» Assignment: Copy every entry verbatim and skip the pictures.

» Supplied records:
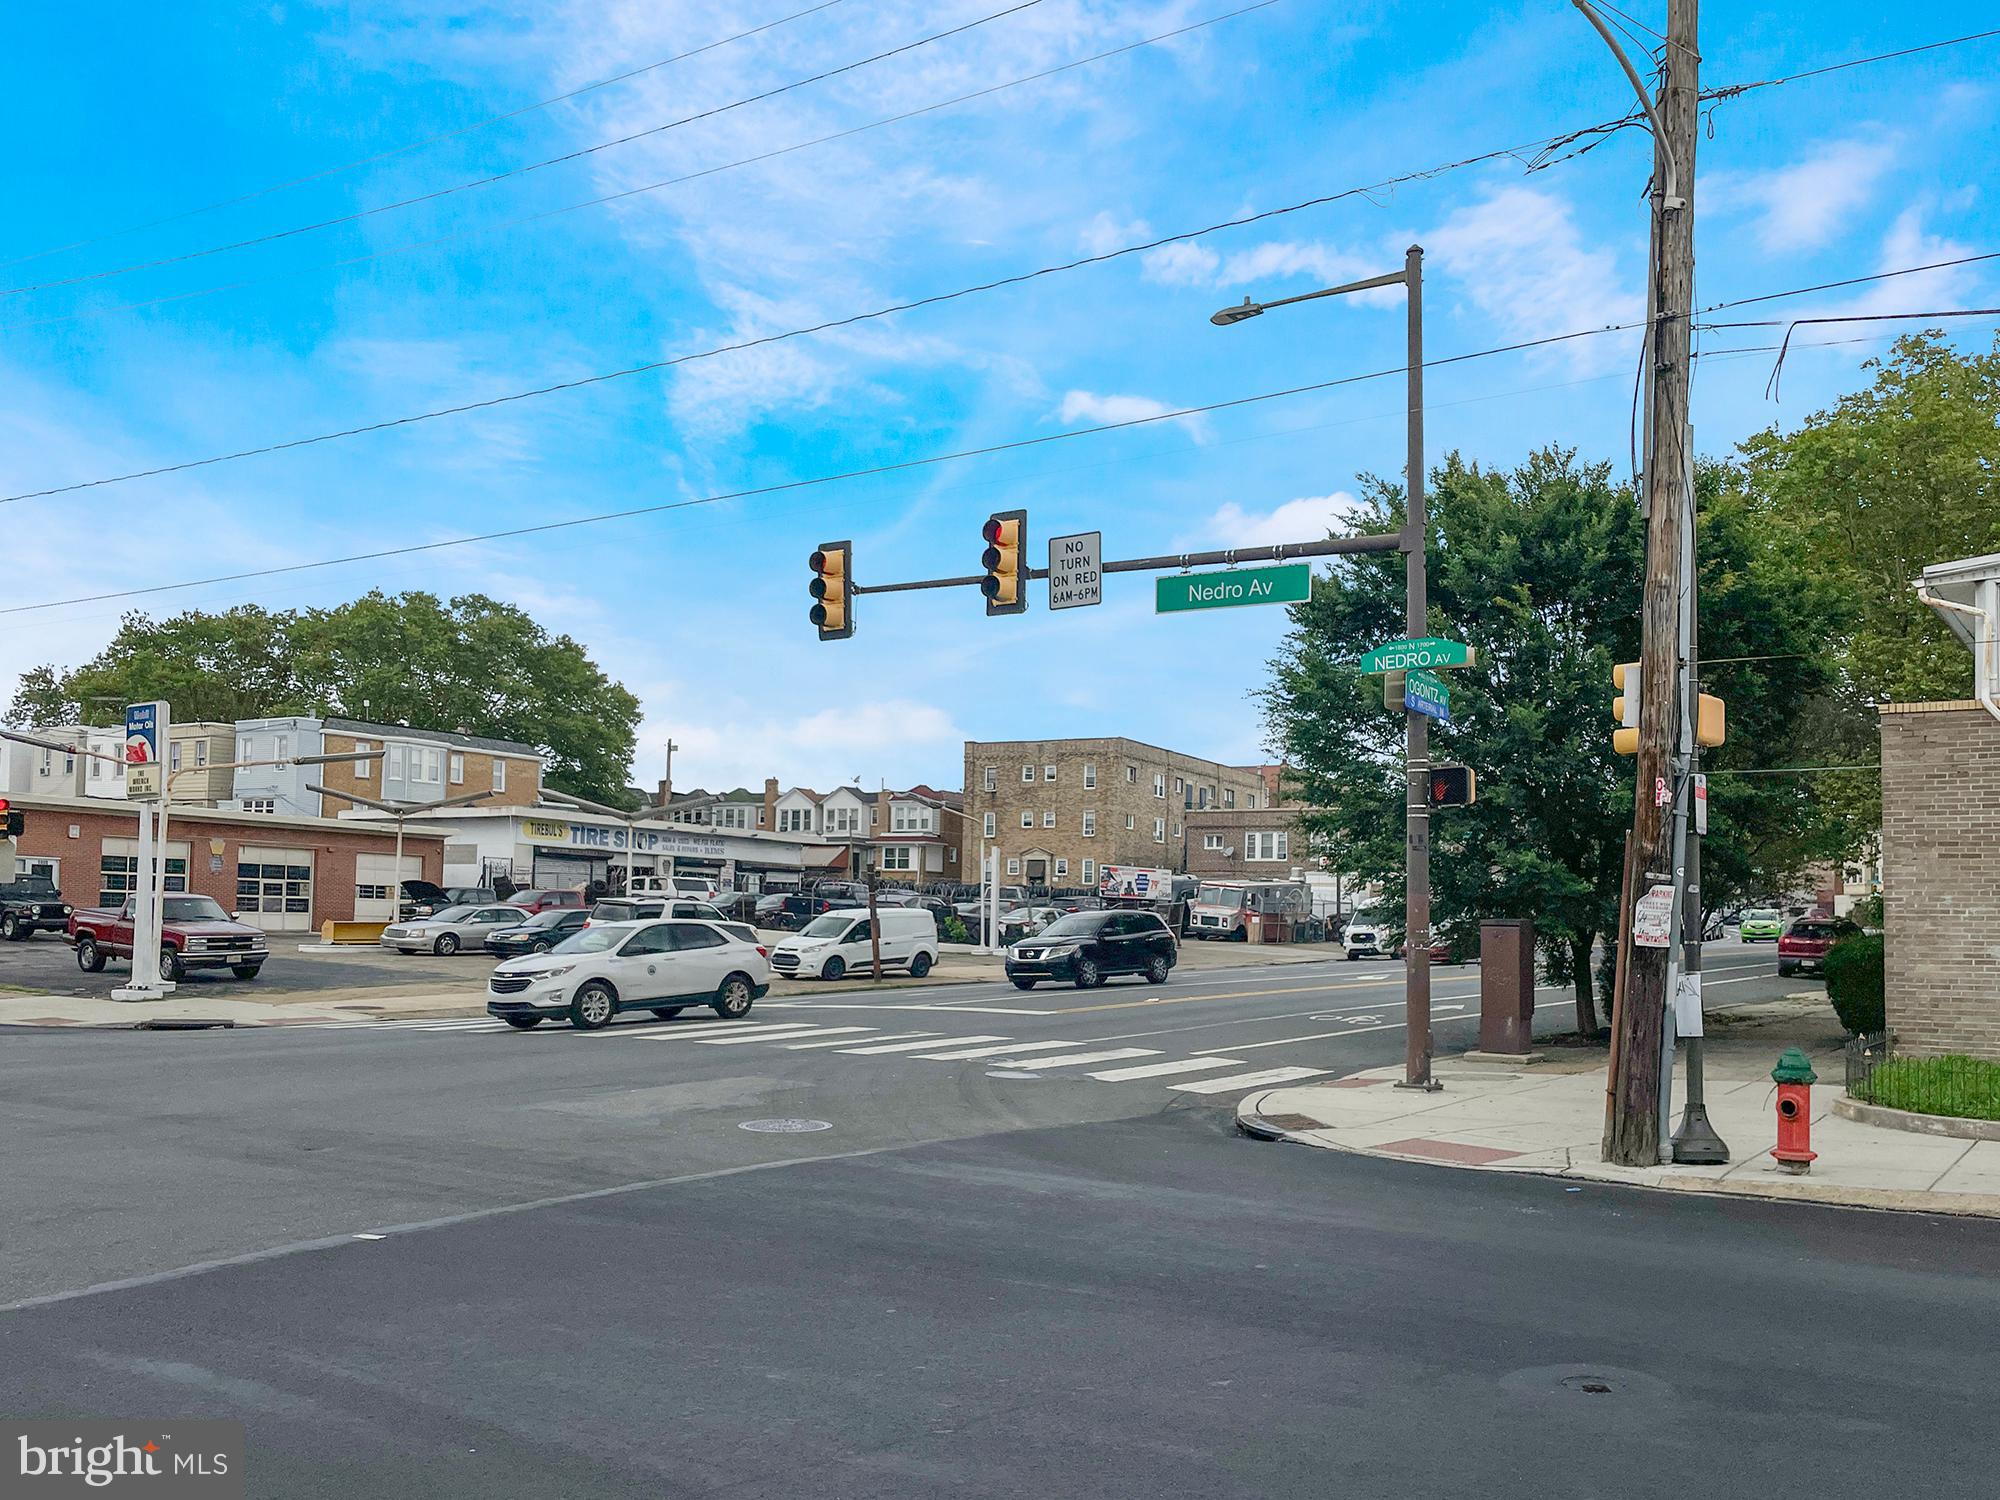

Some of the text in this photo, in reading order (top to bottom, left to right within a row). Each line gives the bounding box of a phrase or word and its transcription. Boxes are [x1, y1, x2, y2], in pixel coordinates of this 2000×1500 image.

[1065, 541, 1084, 554] NO
[1060, 555, 1090, 570] TURN
[1053, 570, 1097, 588] ON RED
[1053, 586, 1098, 604] 6AM-6PM
[1188, 578, 1273, 602] Nedro Av
[1408, 642, 1415, 650] N
[1374, 651, 1451, 671] NEDRO AV
[1409, 679, 1439, 703] OGONTZ
[1410, 695, 1416, 707] S
[570, 825, 659, 850] TIRE SHOP
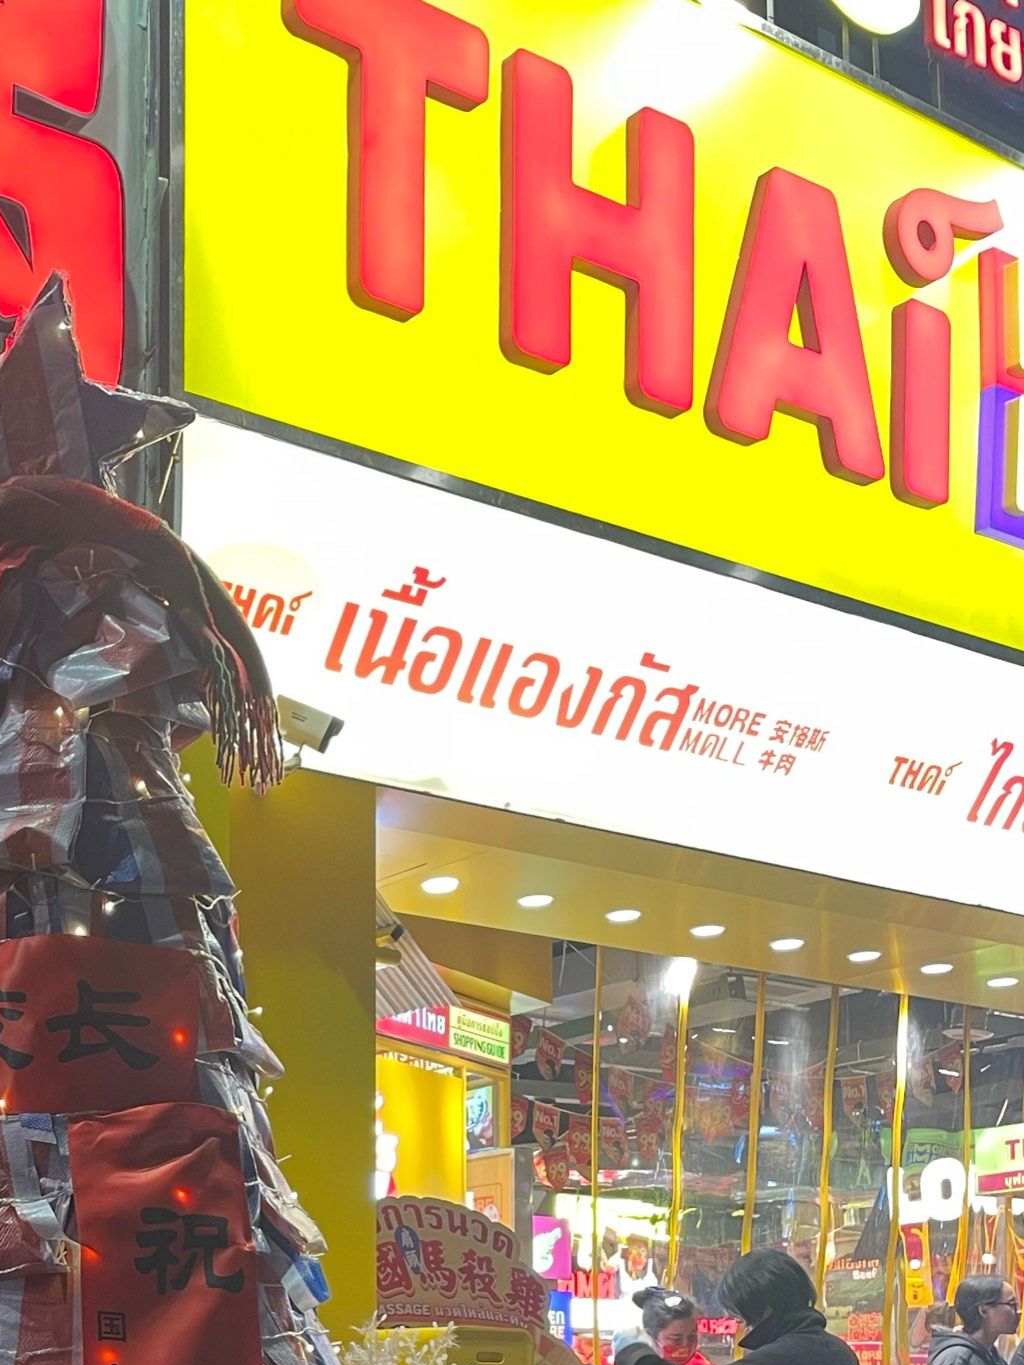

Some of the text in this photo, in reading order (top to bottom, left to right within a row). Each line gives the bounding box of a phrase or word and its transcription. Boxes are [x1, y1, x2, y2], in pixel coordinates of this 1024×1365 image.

[691, 697, 831, 752] MORE 安格斯
[757, 749, 797, 776] 牛肉
[539, 1036, 562, 1058] No.1
[843, 1083, 866, 1098] No.1
[535, 1109, 558, 1127] No.1
[376, 1204, 514, 1260] การนวด
[377, 1303, 430, 1317] ASSAGE
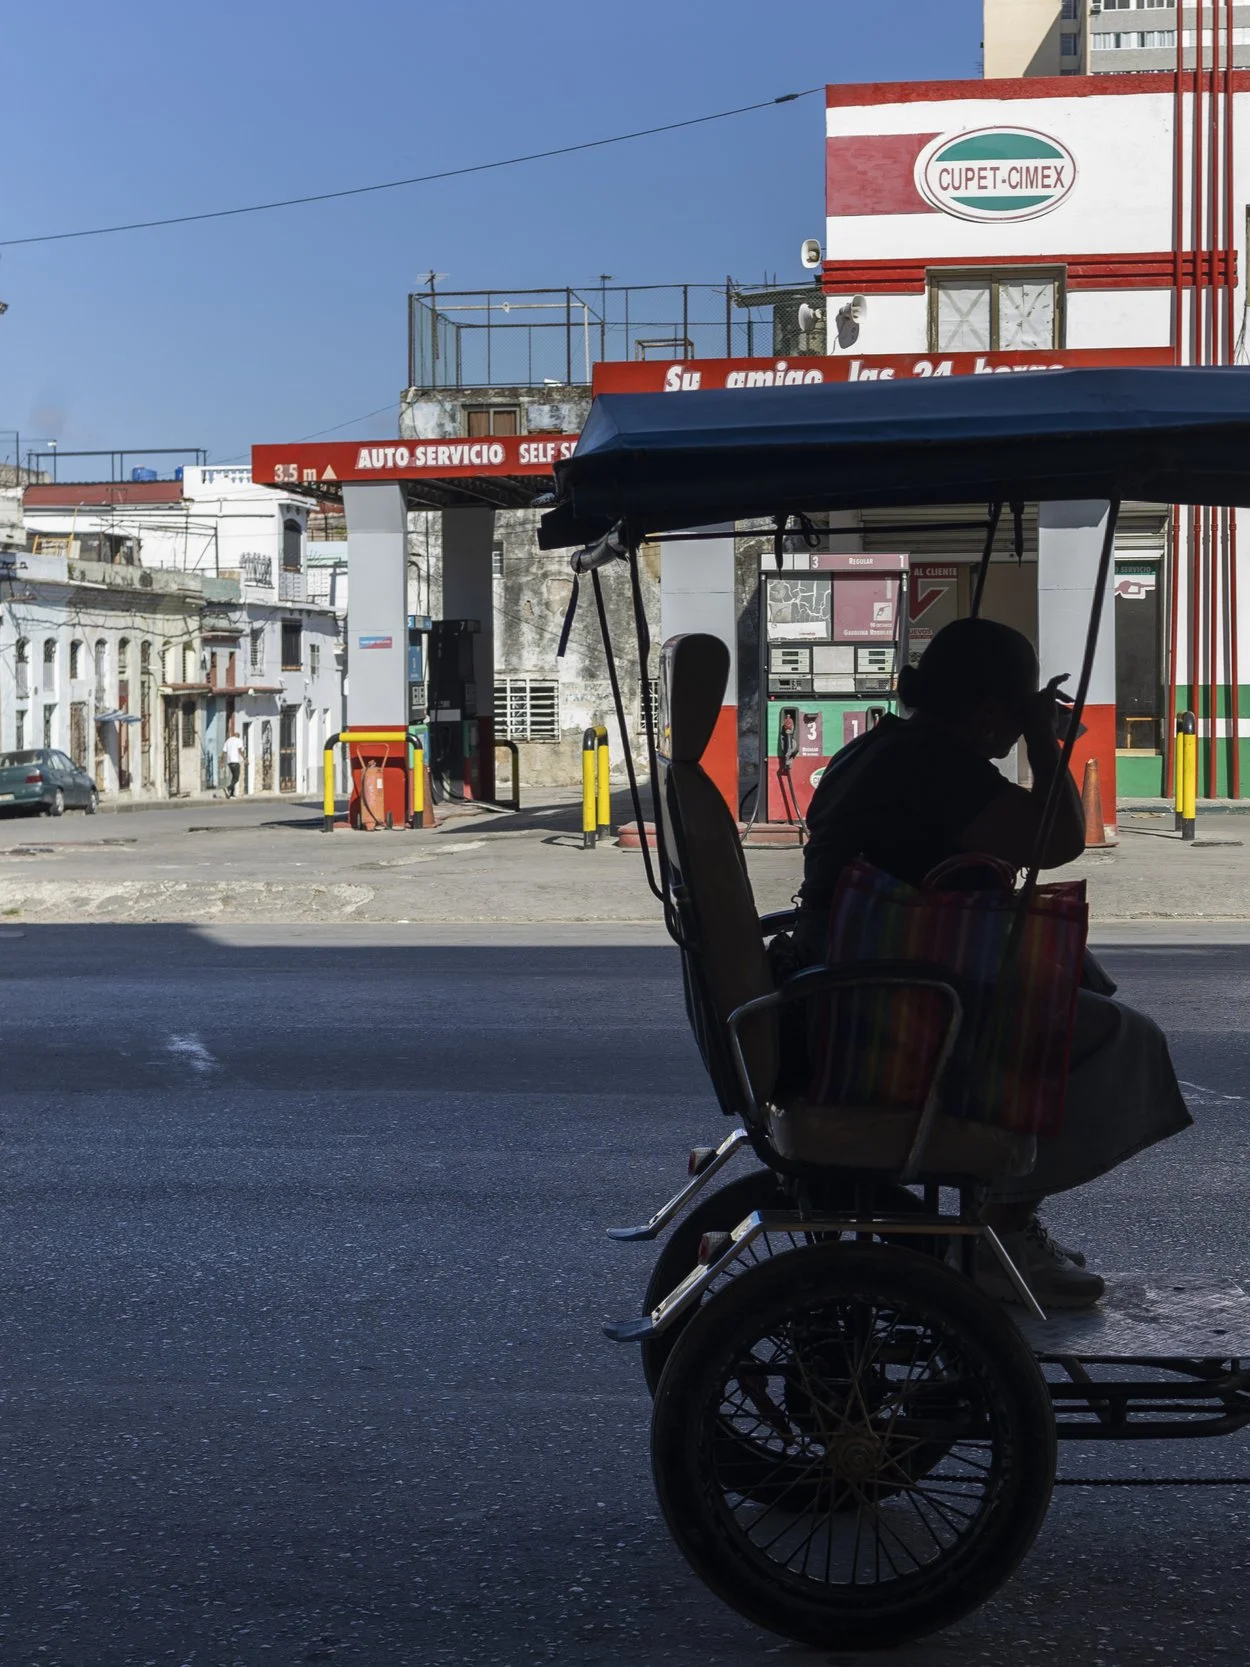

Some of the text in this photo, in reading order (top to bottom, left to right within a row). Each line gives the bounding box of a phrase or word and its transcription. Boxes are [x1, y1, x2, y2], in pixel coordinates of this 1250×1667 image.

» Exercise output:
Some of the text in this photo, in reading order (top to bottom, left to right within a row). Each line gives the bounding box of a phrase or word and its transcription. Boxes are [x1, y1, x2, y2], in pixel coordinates of this 2000×1500 image.

[1065, 541, 1084, 554] NO
[1060, 555, 1090, 570] TURN
[1053, 570, 1097, 588] ON RED
[1053, 586, 1098, 604] 6AM-6PM
[1188, 578, 1273, 602] Nedro Av
[1408, 642, 1415, 650] N
[1374, 651, 1451, 671] NEDRO AV
[1409, 679, 1439, 703] OGONTZ
[1410, 695, 1416, 707] S
[570, 825, 659, 850] TIRE SHOP

Some of the text in this photo, in reading order (top to bottom, left to right within a row). Each line gives the bounding box of a phrase or word and its transcription. Boxes are [x1, y1, x2, y2], in pixel coordinates of this 1024×1365 image.

[691, 697, 831, 752] MORE 安格斯
[757, 749, 797, 776] 牛肉
[539, 1036, 562, 1058] No.1
[843, 1083, 866, 1098] No.1
[535, 1109, 558, 1127] No.1
[376, 1204, 514, 1260] การนวด
[377, 1303, 430, 1317] ASSAGE

Some of the text in this photo, in reading order (top to bottom, left to right within a row). Each line gives the bounding box of a phrase or word and its transcription. Boxes are [x1, y1, x2, y2], in pixel coordinates of this 1250×1667 image.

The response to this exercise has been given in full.